La Rosée accusait Caudalie d’actes de concurrence déloyale et de parasitisme. La Rosée a dans un premier temps soumis au président du tribunal de commerce de Paris deux requêtes au visa des dispositions de l’article 145 CPC, aux fins de mesure in futurum, c’est-à-dire de récolte de preuves sans jugement judiciaire préalable. Ces deux requêtes ont été acceptées par ordonnance.
Très rapidement, Caudalie a fait assigner son opposant devant ledit tribunal aux fins de voir rétracter les ordonnances, et de maintenir sous séquestre les éléments saisis.
Après une assignation par La Rosée de sa concurrente, une première décision est rendue par le juge des référés. Ce dernier a débouté La Rosée de ses demandes, a rétracté les ordonnances litigieuses, ordonné la destruction des documents saisis et placés sous séquestre, et condamné la société au paiement de divers frais. Loin de s’avouer vaincue, La Rosée interjette appel.
Le 16 octobre 2025, la Cour d’appel de Paris rappelle tout d’abord que les mesures d’instruction in futurum ne peuvent être ordonnées qu’en présence d’un motif légitime, et d’une certaine nécessité. En l’espèce, La Rosée n’a pas démontré que les preuves étaient susceptibles d’être rendues inaccessibles. La Cour confirme donc la rétractation des ordonnances de saisie in futurum.
Concernant le cœur du sujet, la concurrence déloyale et le parasitisme, la Cour n’a pas été clémente avec la demanderesse. En bref, toutes ses demandes sont rejetées.
Est énoncé que le format de stick solaire étant très répandu sur le marché, et ne constituant au passage pas une innovation de La Rosée, cet argument ne pouvait être avancé.
La Cour est également sensible aux similitudes entre les deux produits, et il est vrai que pour un consommateur « oui, les produits se ressemblent », mais l’action en concurrence déloyale n’est pour autant infondée. En effet les marques sont clairement distinguables, et les deux produits reprennent des codes classiques du secteur. De plus, aucune preuve n’est rapportée quant à des confusions chez les consommateurs, souvent habitués à leurs marques favorites. Enfin, les campagnes publicitaires, certes similaires sur le fond, reprennent toutes deux des codes graphiques et conceptuels propres aux publicités sur des protections solaires.
Dernièrement sur le parasitisme, la Cour rejette également ce fondement en ce que La Rosée ne démontre pas une éventuelle perte de parts de marché.
Ainsi, la Cour d’appel donne raison au juge des référés, et déboute à nouveau la demanderesse, de toutes ses demandes d’interdiction de commercialisation, de rappel de produits, et de dommages-intérêts.
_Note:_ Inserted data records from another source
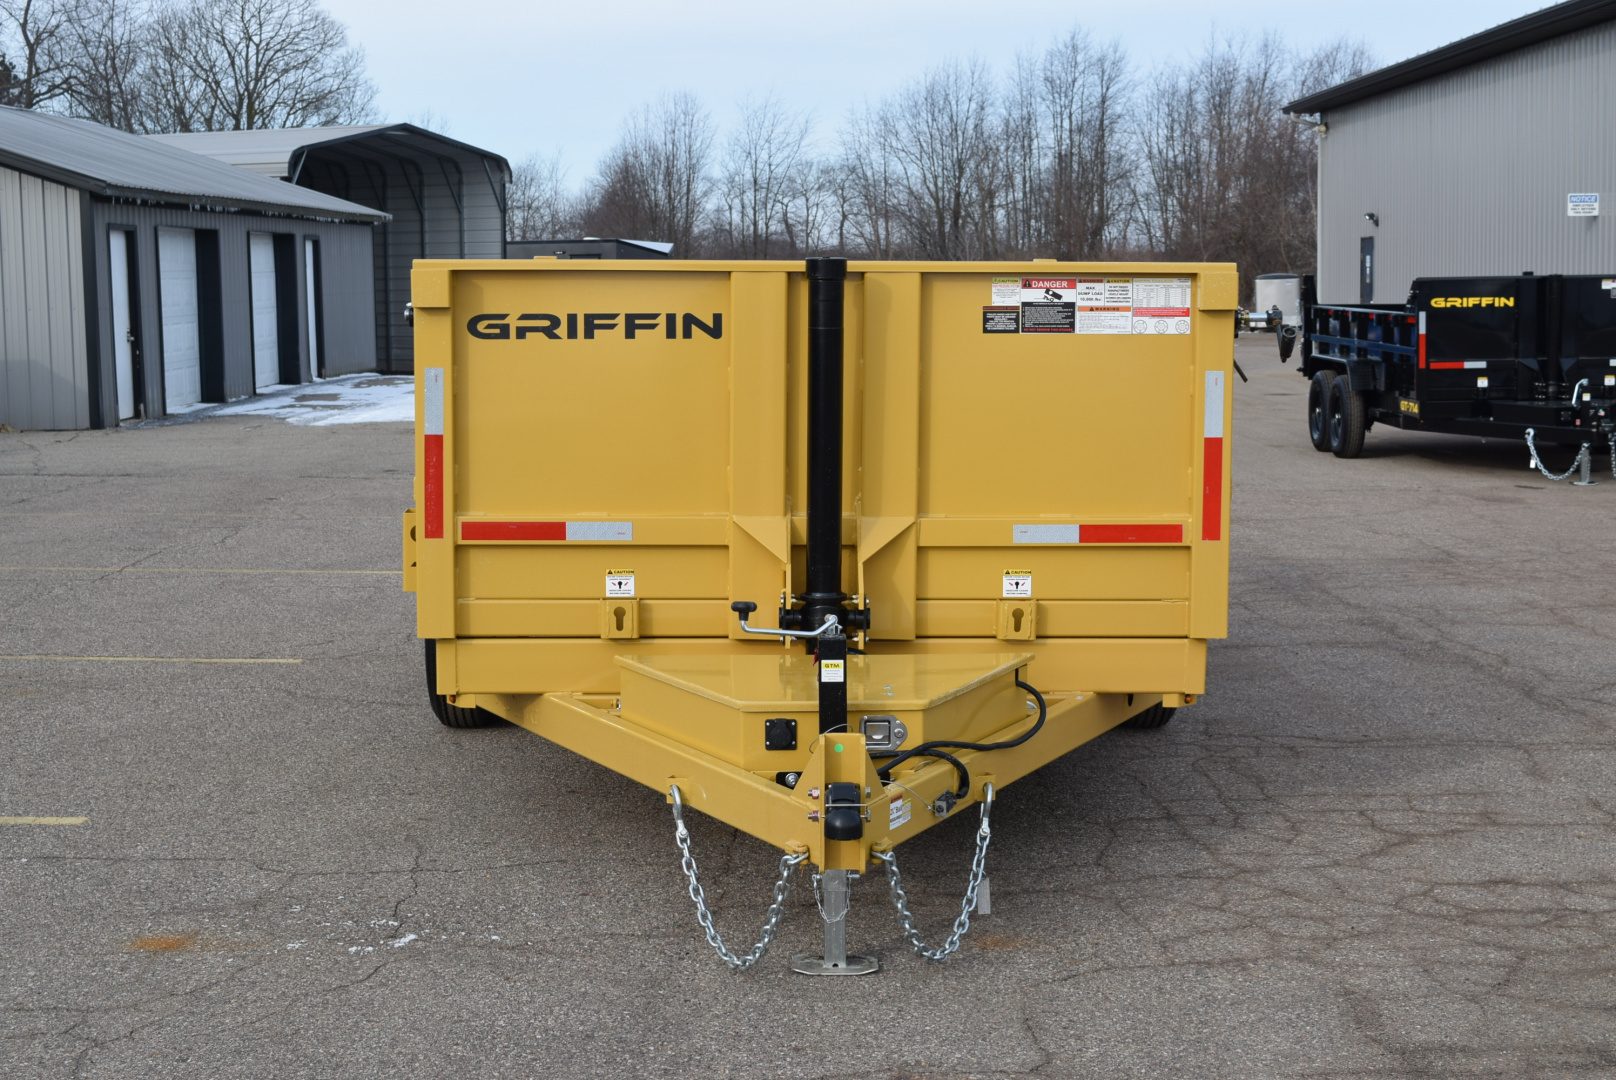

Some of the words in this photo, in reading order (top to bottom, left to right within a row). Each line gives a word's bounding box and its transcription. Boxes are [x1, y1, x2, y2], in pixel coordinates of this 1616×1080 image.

[1430, 297, 1514, 308] GRIFFIN
[466, 313, 722, 340] GRIFFIN
[1400, 400, 1419, 414] GT-714
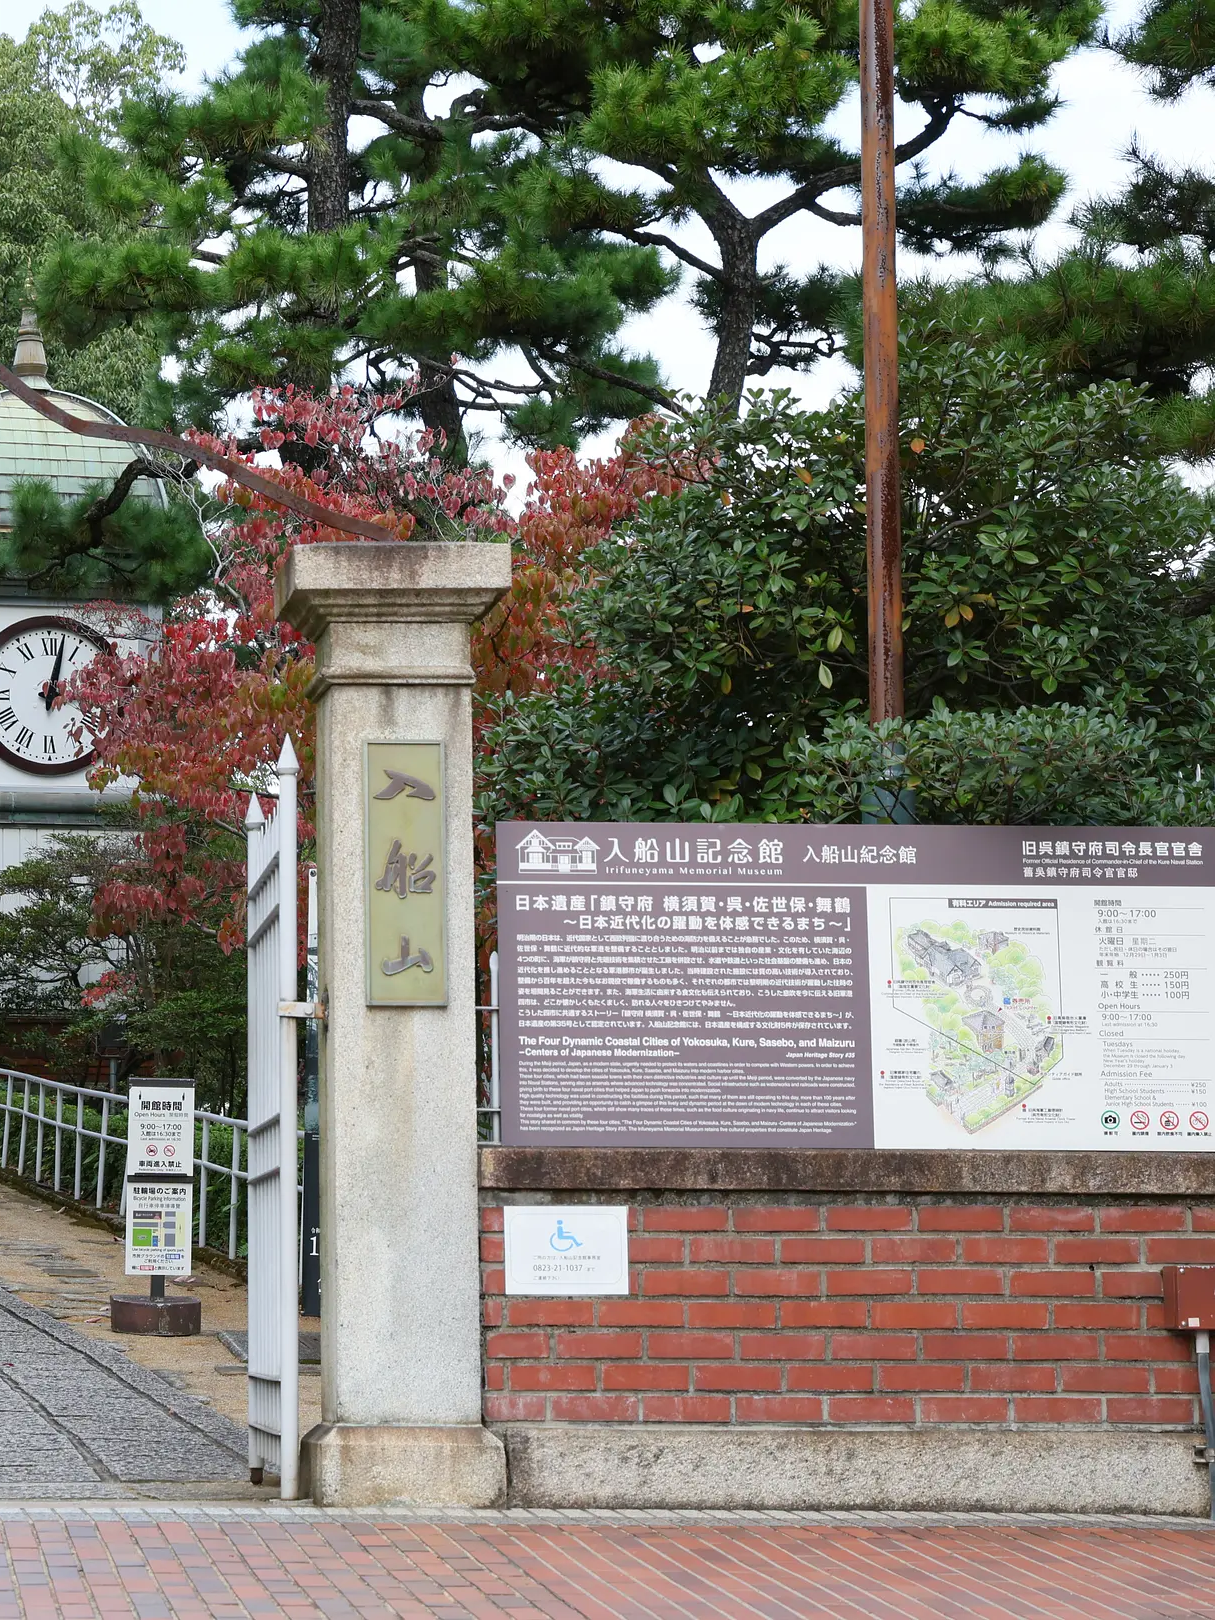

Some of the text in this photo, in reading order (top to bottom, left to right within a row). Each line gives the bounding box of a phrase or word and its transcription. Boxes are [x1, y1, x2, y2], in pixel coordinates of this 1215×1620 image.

[603, 837, 783, 864] 入船山記念館
[1022, 840, 1203, 857] 旧呉鎮守府司令長官官舎
[373, 768, 436, 976] 入船山
[605, 866, 783, 876] Irifuneyama Memorial Museum
[1099, 937, 1124, 945] 火曜日
[1163, 971, 1189, 979] 250円
[1100, 981, 1190, 989] 高校生 150円
[1165, 991, 1190, 999] 100円
[519, 1036, 855, 1048] The Four Dynamic Coastal Cities of Yokosuka, Kure, Sasebo, and Maizuru
[560, 1048, 569, 1057] of
[571, 1048, 612, 1057] Japanese
[141, 1101, 182, 1111] 開館時間
[133, 1187, 186, 1195] 駐輪場のご案内
[533, 1264, 583, 1272] 0823-21-1037
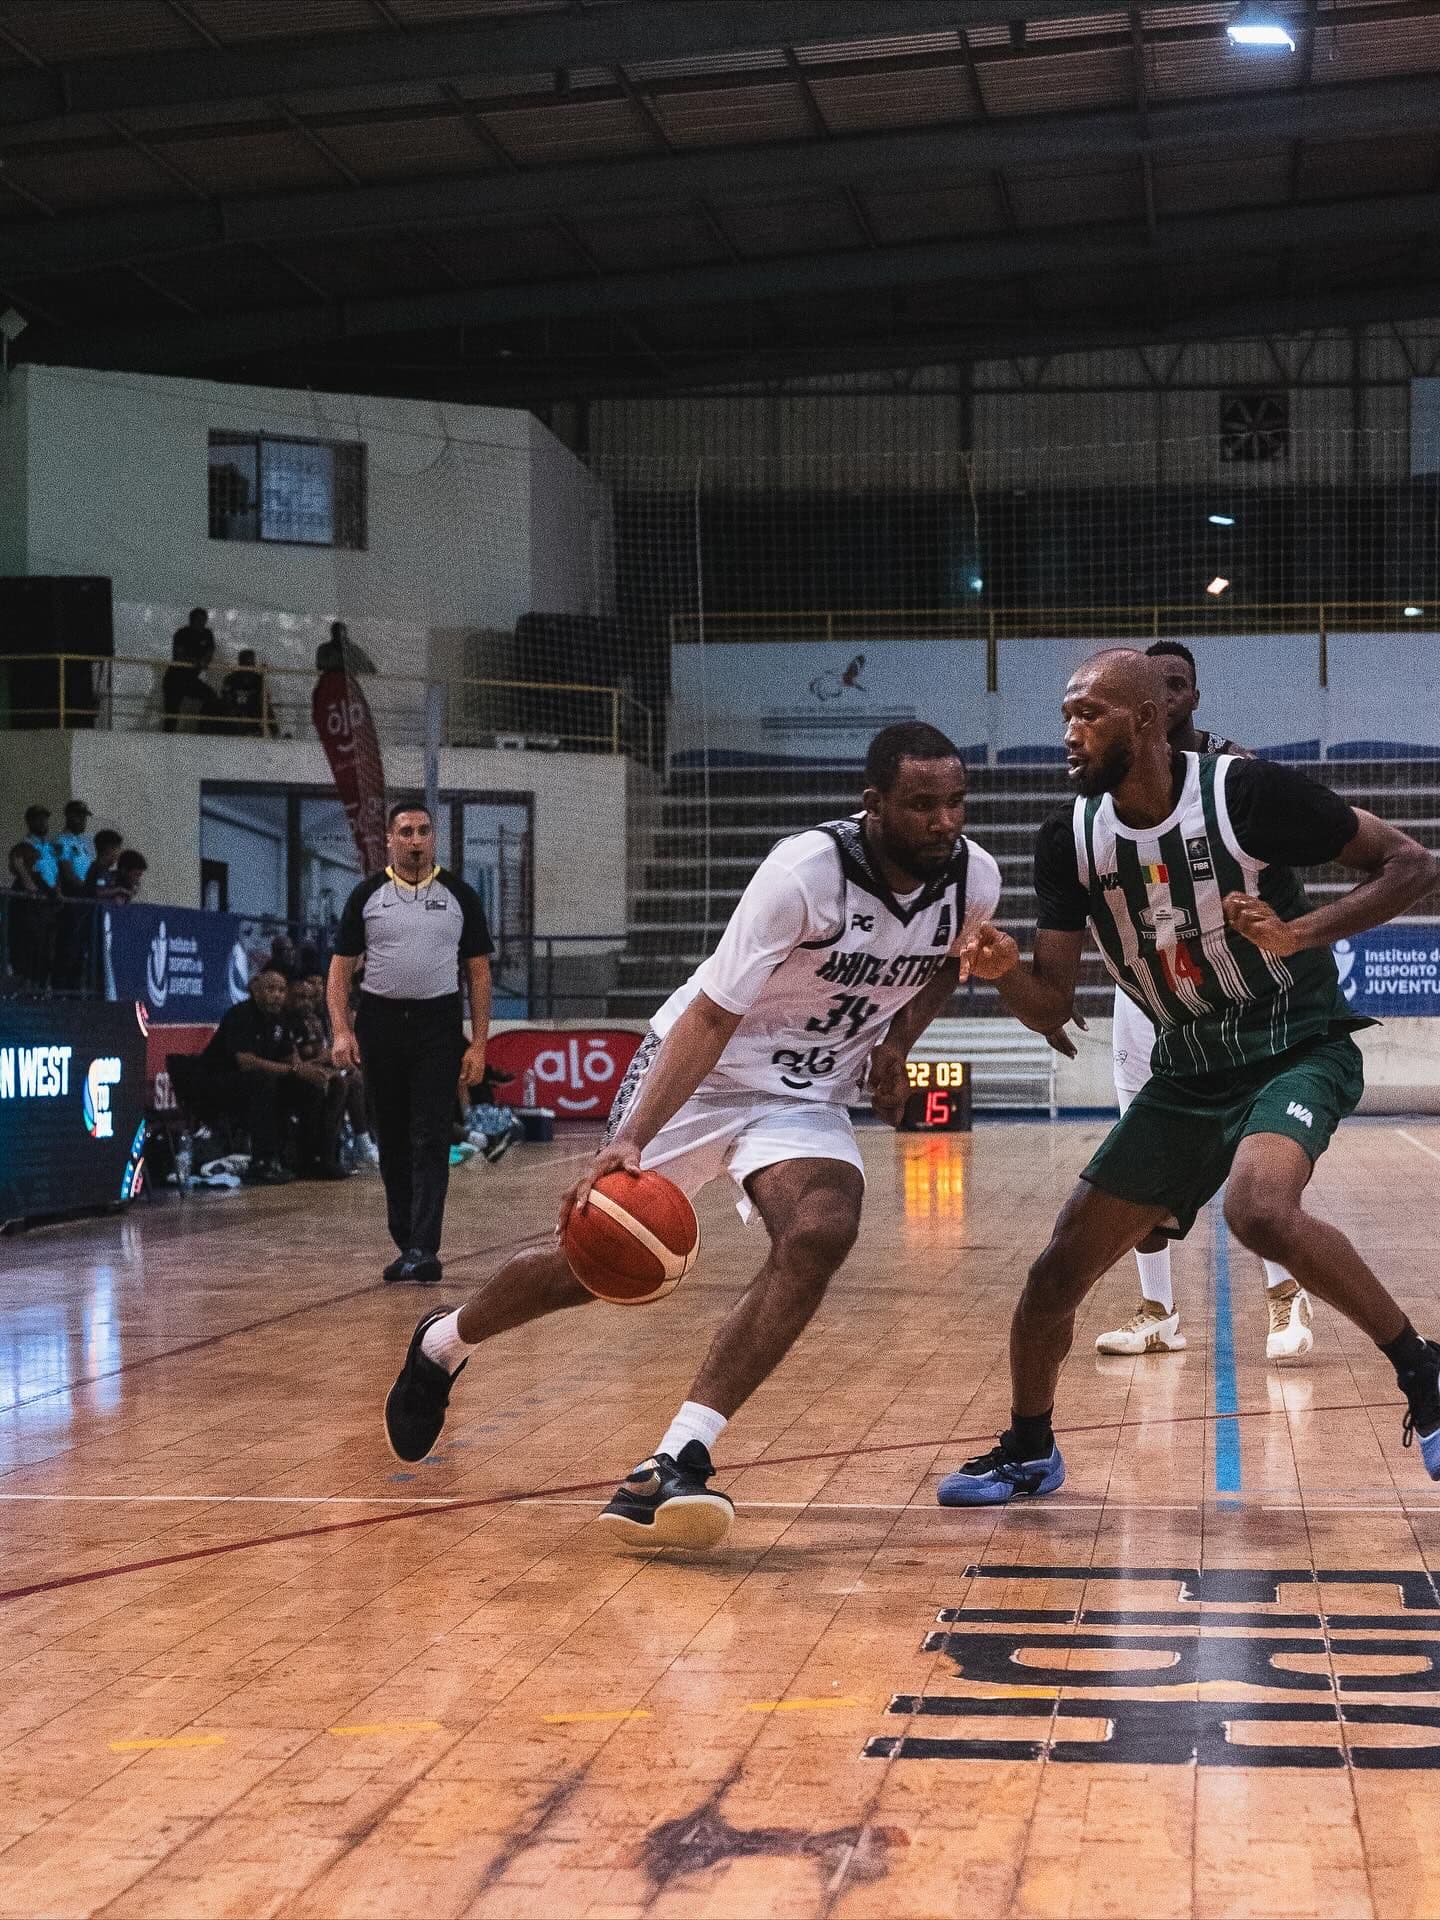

Finalement, que tirer de cette décision rendue en référé ? La Cour rappelle que la concurrence, aussi agressive dans les similitudes que possible, demeure licite. Aucune preuve n’a été rapportée sur l’intention de Caudalie de se placer dans le sillage de sa concurrente directe et de tirer profit de son stick solaire.
La procédure de référé ne doit pas devenir un instrument au service des sociétés à user contre ses concurrents, mais doit demeurer un outil légal encadré, pour prévenir la disparition de preuves.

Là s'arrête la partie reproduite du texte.